There’s An App For That

By Mira Soni

Last Wednesday, Milwaukee County filed a motion to dismiss a lawsuit brought by video gaming company Candy Lab in April.

Candy Lab filed a complaint against Milwaukee County about a county ordinance requiring all augmented reality video game developers to obtain permits before the games can be played in public parks. Augmented reality games, such as Candy Lab’s new “Texas Rope ‘Em” and the briefly but fanatically popular “Pokemon Go”, involve virtual images transmitted over live smartphone video. Candy Lab’s complaint argued that the county ordinance inhibits the free speech of video game developers on the basis of content and is unconstitutionally vague.

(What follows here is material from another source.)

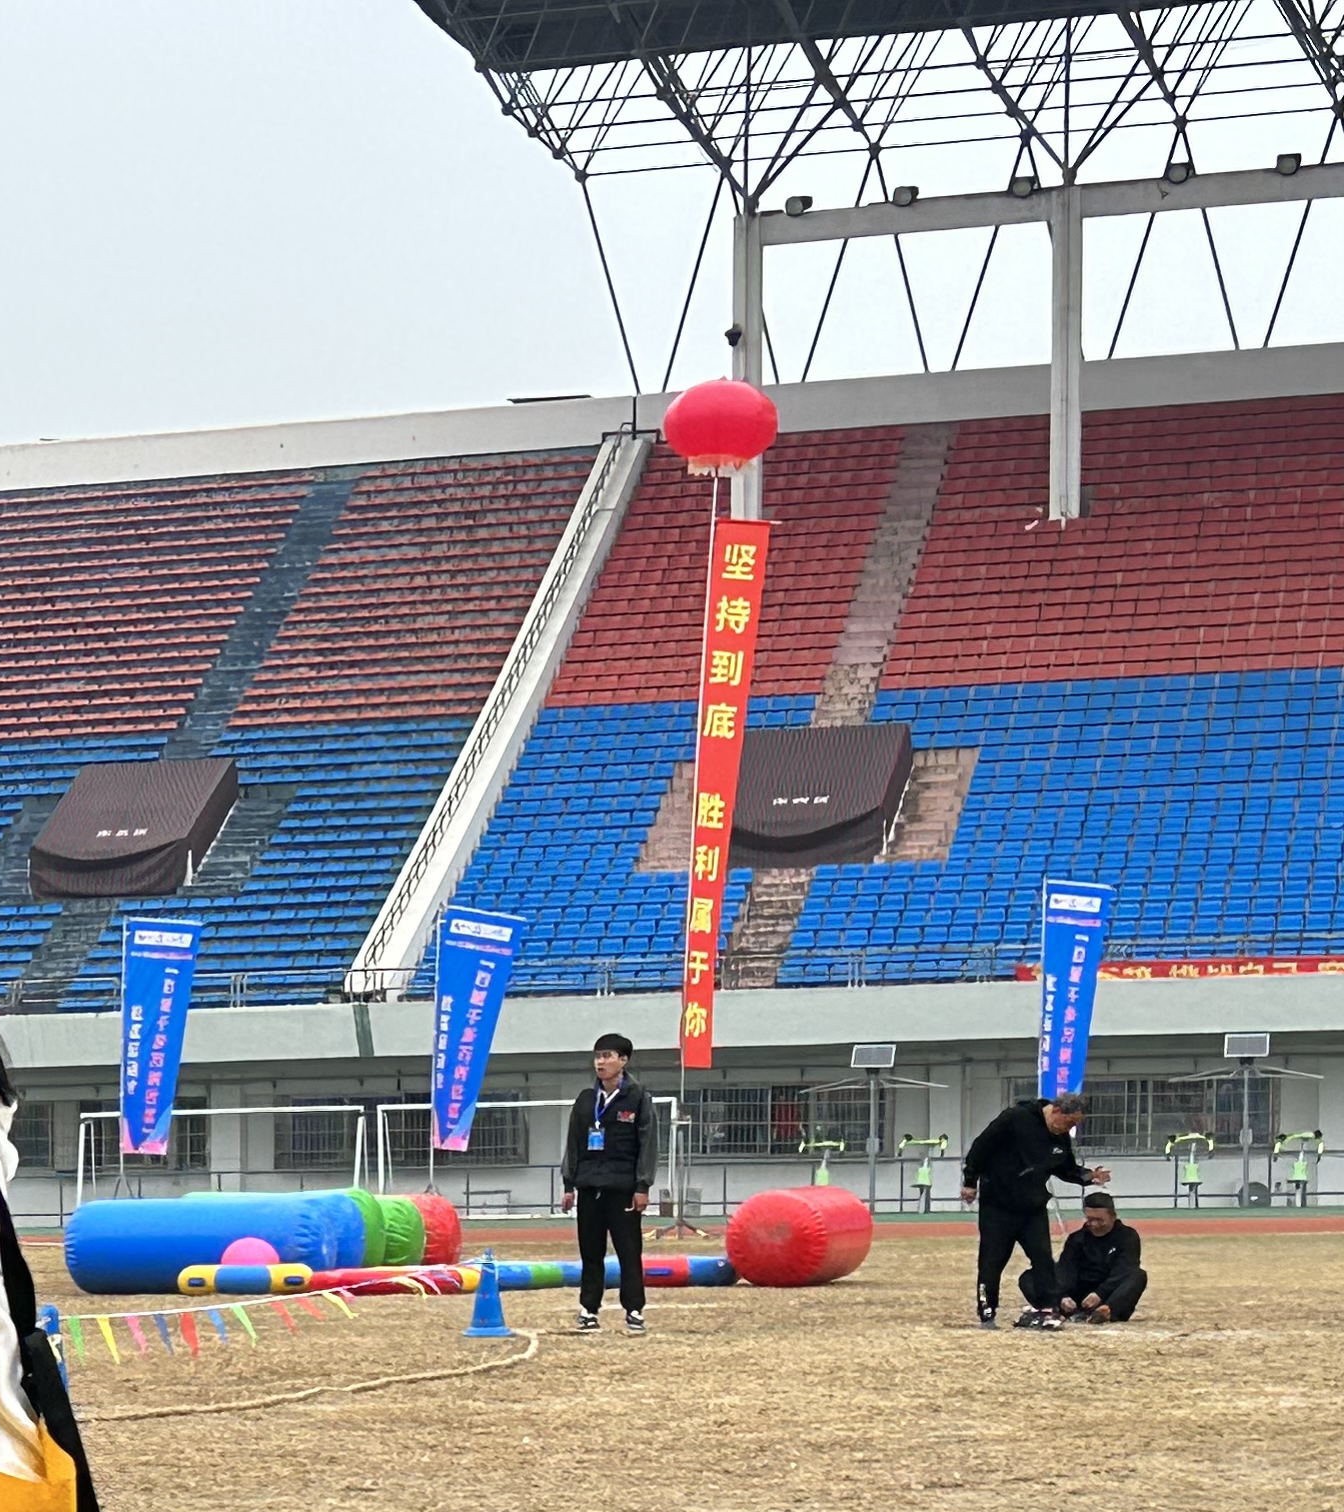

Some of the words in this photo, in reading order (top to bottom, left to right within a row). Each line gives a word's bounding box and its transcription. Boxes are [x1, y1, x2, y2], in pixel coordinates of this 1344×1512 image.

[703, 543, 758, 740] 坚持到底
[683, 792, 726, 1038] 胜利属于你
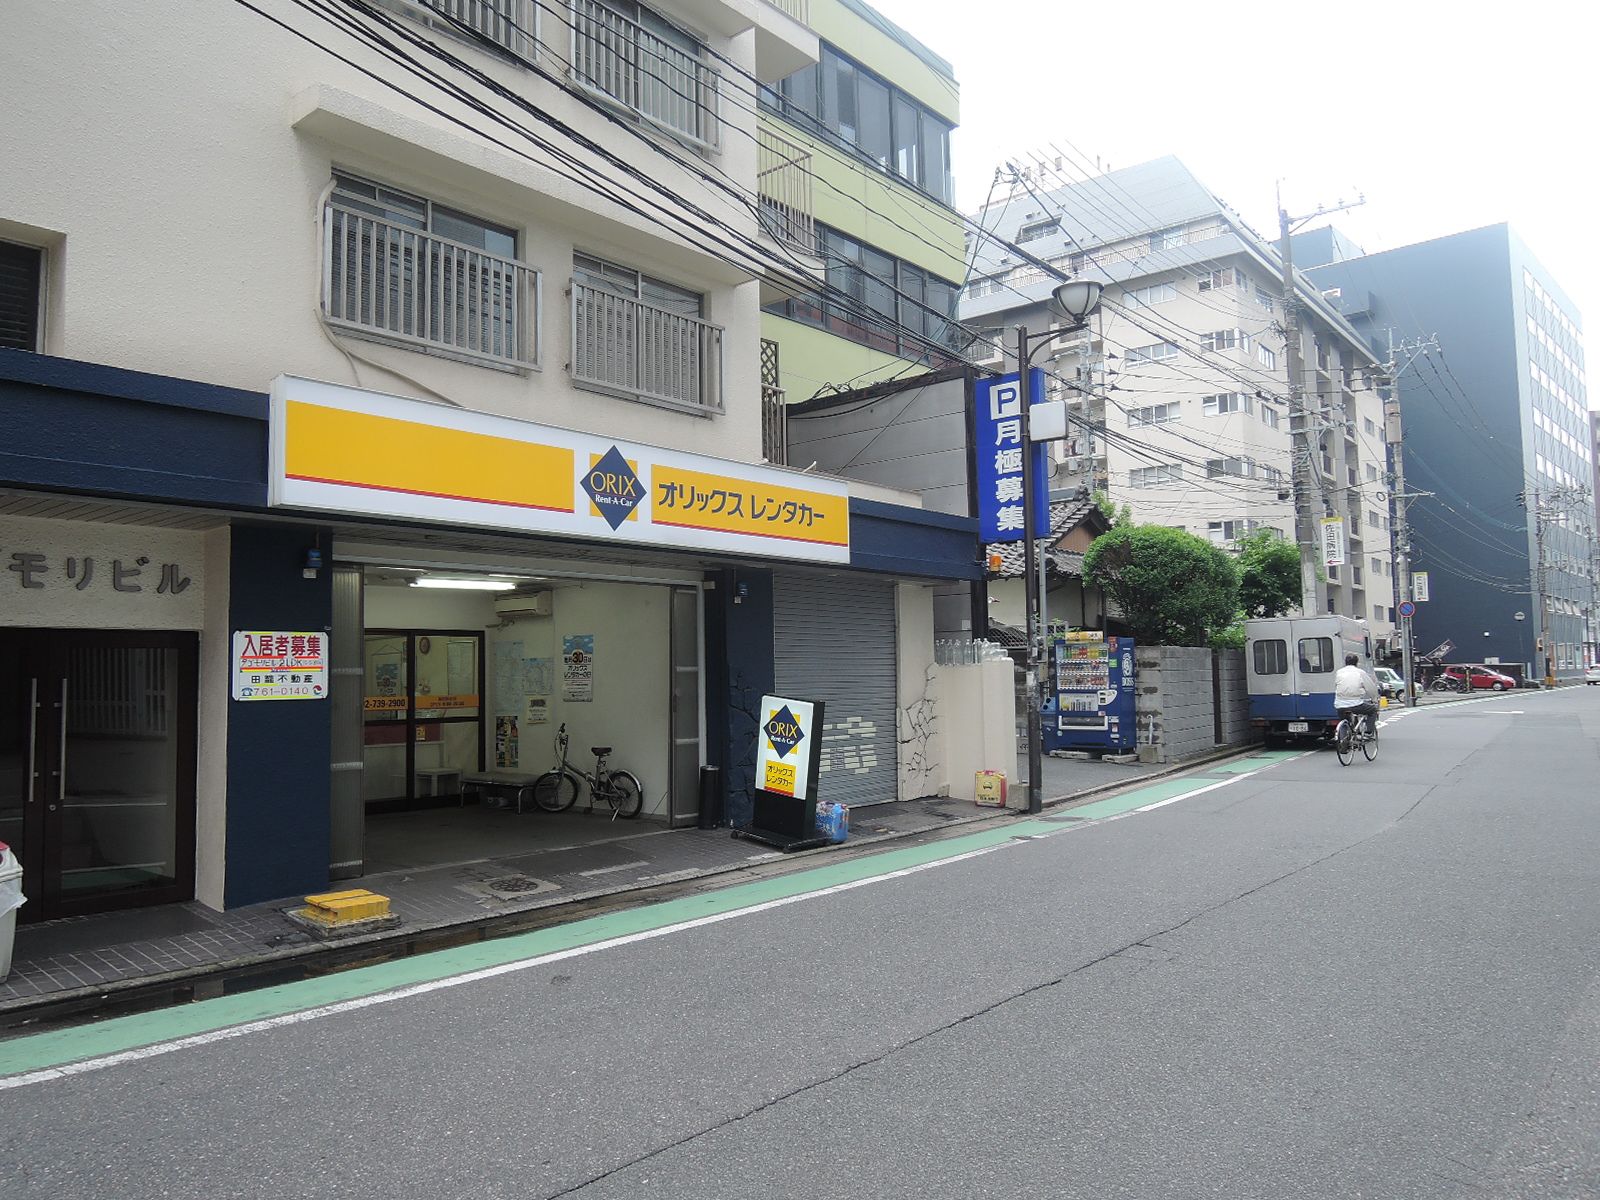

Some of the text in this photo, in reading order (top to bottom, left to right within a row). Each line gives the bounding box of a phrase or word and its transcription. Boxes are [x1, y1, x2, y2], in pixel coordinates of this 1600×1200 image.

In the motion filed last week, Milwaukee County argued that Texas Rope ‘Em is not protected by the First Amendment because it does not convey any messages ideas, plot, storylines, characters, or dialogue. Therefore, the county argues, the claim filed by Candy Lab is invalid: the First Amendment cannot be invoked in a complaint if the item in question has no First Amendment protection. There is no Supreme Court decision on the status of augmented-reality video games under the First Amendment.

Candy Lab is seeking an injunction against the enforcement of the county ordinance, a declaratory judgement that the ordinance is in violation of the First Amendment, and damages.

Additional Sources: 

Does First Amendment Protect Augmented Reality Games Like Pokemon Go? (American Bar Association Journal)

Game company sues Milwaukee over permit requirement for developing Pokemon Go-type games (Chicago Tribune)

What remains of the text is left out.